● **Assignment**:
Nothing in the data may be altered, so output all of it exactly.

★ ★ ★ ★ ★

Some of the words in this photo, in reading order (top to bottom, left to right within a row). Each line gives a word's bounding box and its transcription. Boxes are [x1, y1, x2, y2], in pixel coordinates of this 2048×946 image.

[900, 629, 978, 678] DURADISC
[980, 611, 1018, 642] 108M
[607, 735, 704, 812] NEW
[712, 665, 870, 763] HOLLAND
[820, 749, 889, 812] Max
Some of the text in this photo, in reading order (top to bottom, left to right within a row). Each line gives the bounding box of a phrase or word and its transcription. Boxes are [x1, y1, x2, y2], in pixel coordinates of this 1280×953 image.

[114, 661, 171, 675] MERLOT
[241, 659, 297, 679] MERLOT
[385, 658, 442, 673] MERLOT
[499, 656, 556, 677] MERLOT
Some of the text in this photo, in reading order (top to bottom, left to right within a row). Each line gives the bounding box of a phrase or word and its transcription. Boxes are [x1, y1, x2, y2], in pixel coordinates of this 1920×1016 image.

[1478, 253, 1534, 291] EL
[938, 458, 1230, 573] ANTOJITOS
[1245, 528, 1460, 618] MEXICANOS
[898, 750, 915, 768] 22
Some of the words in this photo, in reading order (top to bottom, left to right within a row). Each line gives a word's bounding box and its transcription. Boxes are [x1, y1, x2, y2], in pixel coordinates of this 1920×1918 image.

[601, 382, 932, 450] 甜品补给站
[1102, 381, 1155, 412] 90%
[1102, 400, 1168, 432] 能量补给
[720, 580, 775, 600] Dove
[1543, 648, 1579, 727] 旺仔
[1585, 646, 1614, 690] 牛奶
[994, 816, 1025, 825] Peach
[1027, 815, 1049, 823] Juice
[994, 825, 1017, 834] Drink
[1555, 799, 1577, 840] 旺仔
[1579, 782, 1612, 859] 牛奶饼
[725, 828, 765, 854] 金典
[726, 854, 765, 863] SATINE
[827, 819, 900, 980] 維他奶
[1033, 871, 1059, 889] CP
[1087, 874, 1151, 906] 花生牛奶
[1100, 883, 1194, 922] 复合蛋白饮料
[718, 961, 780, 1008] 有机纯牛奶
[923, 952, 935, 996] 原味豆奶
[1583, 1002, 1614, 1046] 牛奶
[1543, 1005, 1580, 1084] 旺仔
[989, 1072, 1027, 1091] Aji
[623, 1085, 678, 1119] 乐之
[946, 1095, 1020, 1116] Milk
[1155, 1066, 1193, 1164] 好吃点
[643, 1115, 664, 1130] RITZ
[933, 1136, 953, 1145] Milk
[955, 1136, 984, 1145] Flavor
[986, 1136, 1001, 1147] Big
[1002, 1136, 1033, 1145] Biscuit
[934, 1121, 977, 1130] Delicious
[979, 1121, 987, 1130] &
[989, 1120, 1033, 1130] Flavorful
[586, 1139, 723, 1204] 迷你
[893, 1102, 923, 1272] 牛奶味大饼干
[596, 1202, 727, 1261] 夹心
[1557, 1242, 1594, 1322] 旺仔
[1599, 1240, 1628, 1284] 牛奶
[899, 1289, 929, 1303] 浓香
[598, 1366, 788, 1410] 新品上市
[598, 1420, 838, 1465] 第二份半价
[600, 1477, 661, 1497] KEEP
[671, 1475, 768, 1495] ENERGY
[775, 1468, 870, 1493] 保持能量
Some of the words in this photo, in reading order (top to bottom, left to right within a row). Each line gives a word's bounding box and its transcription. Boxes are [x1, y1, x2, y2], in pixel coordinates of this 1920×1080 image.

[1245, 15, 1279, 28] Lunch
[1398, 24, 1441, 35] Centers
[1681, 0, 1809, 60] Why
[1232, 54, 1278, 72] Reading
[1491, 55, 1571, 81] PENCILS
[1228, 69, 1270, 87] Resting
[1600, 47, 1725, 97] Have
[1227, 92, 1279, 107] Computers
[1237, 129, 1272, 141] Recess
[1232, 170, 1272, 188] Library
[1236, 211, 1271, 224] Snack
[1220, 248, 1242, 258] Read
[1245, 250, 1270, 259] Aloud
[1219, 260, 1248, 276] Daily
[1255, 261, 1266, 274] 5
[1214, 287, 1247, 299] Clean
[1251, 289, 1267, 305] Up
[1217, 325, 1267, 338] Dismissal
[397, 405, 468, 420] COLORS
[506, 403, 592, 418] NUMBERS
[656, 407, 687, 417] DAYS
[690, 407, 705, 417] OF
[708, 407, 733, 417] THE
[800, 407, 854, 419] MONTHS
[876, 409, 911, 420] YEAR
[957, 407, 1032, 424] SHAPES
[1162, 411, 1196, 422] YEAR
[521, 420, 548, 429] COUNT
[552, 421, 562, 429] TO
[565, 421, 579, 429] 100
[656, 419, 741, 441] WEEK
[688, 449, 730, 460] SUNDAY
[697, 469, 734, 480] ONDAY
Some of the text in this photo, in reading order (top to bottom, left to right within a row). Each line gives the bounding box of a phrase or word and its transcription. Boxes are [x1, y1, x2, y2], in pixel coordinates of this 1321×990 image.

★ ★ ★ ★ ★

● **Task response**:
Some of the words in this photo, in reading order (top to bottom, left to right within a row). Each line gives a word's bounding box and its transcription. Boxes are [x1, y1, x2, y2], in pixel coordinates of this 2048×946 image.

[900, 629, 978, 678] DURADISC
[980, 611, 1018, 642] 108M
[607, 735, 704, 812] NEW
[712, 665, 870, 763] HOLLAND
[820, 749, 889, 812] Max
Some of the text in this photo, in reading order (top to bottom, left to right within a row). Each line gives the bounding box of a phrase or word and its transcription. Boxes are [x1, y1, x2, y2], in pixel coordinates of this 1280×953 image.

[114, 661, 171, 675] MERLOT
[241, 659, 297, 679] MERLOT
[385, 658, 442, 673] MERLOT
[499, 656, 556, 677] MERLOT
Some of the text in this photo, in reading order (top to bottom, left to right within a row). Each line gives the bounding box of a phrase or word and its transcription. Boxes are [x1, y1, x2, y2], in pixel coordinates of this 1920×1016 image.

[1478, 253, 1534, 291] EL
[938, 458, 1230, 573] ANTOJITOS
[1245, 528, 1460, 618] MEXICANOS
[898, 750, 915, 768] 22
Some of the words in this photo, in reading order (top to bottom, left to right within a row). Each line gives a word's bounding box and its transcription. Boxes are [x1, y1, x2, y2], in pixel coordinates of this 1920×1918 image.

[601, 382, 932, 450] 甜品补给站
[1102, 381, 1155, 412] 90%
[1102, 400, 1168, 432] 能量补给
[720, 580, 775, 600] Dove
[1543, 648, 1579, 727] 旺仔
[1585, 646, 1614, 690] 牛奶
[994, 816, 1025, 825] Peach
[1027, 815, 1049, 823] Juice
[994, 825, 1017, 834] Drink
[1555, 799, 1577, 840] 旺仔
[1579, 782, 1612, 859] 牛奶饼
[725, 828, 765, 854] 金典
[726, 854, 765, 863] SATINE
[827, 819, 900, 980] 維他奶
[1033, 871, 1059, 889] CP
[1087, 874, 1151, 906] 花生牛奶
[1100, 883, 1194, 922] 复合蛋白饮料
[718, 961, 780, 1008] 有机纯牛奶
[923, 952, 935, 996] 原味豆奶
[1583, 1002, 1614, 1046] 牛奶
[1543, 1005, 1580, 1084] 旺仔
[989, 1072, 1027, 1091] Aji
[623, 1085, 678, 1119] 乐之
[946, 1095, 1020, 1116] Milk
[1155, 1066, 1193, 1164] 好吃点
[643, 1115, 664, 1130] RITZ
[933, 1136, 953, 1145] Milk
[955, 1136, 984, 1145] Flavor
[986, 1136, 1001, 1147] Big
[1002, 1136, 1033, 1145] Biscuit
[934, 1121, 977, 1130] Delicious
[979, 1121, 987, 1130] &
[989, 1120, 1033, 1130] Flavorful
[586, 1139, 723, 1204] 迷你
[893, 1102, 923, 1272] 牛奶味大饼干
[596, 1202, 727, 1261] 夹心
[1557, 1242, 1594, 1322] 旺仔
[1599, 1240, 1628, 1284] 牛奶
[899, 1289, 929, 1303] 浓香
[598, 1366, 788, 1410] 新品上市
[598, 1420, 838, 1465] 第二份半价
[600, 1477, 661, 1497] KEEP
[671, 1475, 768, 1495] ENERGY
[775, 1468, 870, 1493] 保持能量
Some of the words in this photo, in reading order (top to bottom, left to right within a row). Each line gives a word's bounding box and its transcription. Boxes are [x1, y1, x2, y2], in pixel coordinates of this 1920×1080 image.

[1245, 15, 1279, 28] Lunch
[1398, 24, 1441, 35] Centers
[1681, 0, 1809, 60] Why
[1232, 54, 1278, 72] Reading
[1491, 55, 1571, 81] PENCILS
[1228, 69, 1270, 87] Resting
[1600, 47, 1725, 97] Have
[1227, 92, 1279, 107] Computers
[1237, 129, 1272, 141] Recess
[1232, 170, 1272, 188] Library
[1236, 211, 1271, 224] Snack
[1220, 248, 1242, 258] Read
[1245, 250, 1270, 259] Aloud
[1219, 260, 1248, 276] Daily
[1255, 261, 1266, 274] 5
[1214, 287, 1247, 299] Clean
[1251, 289, 1267, 305] Up
[1217, 325, 1267, 338] Dismissal
[397, 405, 468, 420] COLORS
[506, 403, 592, 418] NUMBERS
[656, 407, 687, 417] DAYS
[690, 407, 705, 417] OF
[708, 407, 733, 417] THE
[800, 407, 854, 419] MONTHS
[876, 409, 911, 420] YEAR
[957, 407, 1032, 424] SHAPES
[1162, 411, 1196, 422] YEAR
[521, 420, 548, 429] COUNT
[552, 421, 562, 429] TO
[565, 421, 579, 429] 100
[656, 419, 741, 441] WEEK
[688, 449, 730, 460] SUNDAY
[697, 469, 734, 480] ONDAY
Some of the text in this photo, in reading order (top to bottom, left to right within a row). Each line gives the bounding box of a phrase or word and its transcription. Boxes are [x1, y1, x2, y2], in pixel coordinates of this 1321×990 image.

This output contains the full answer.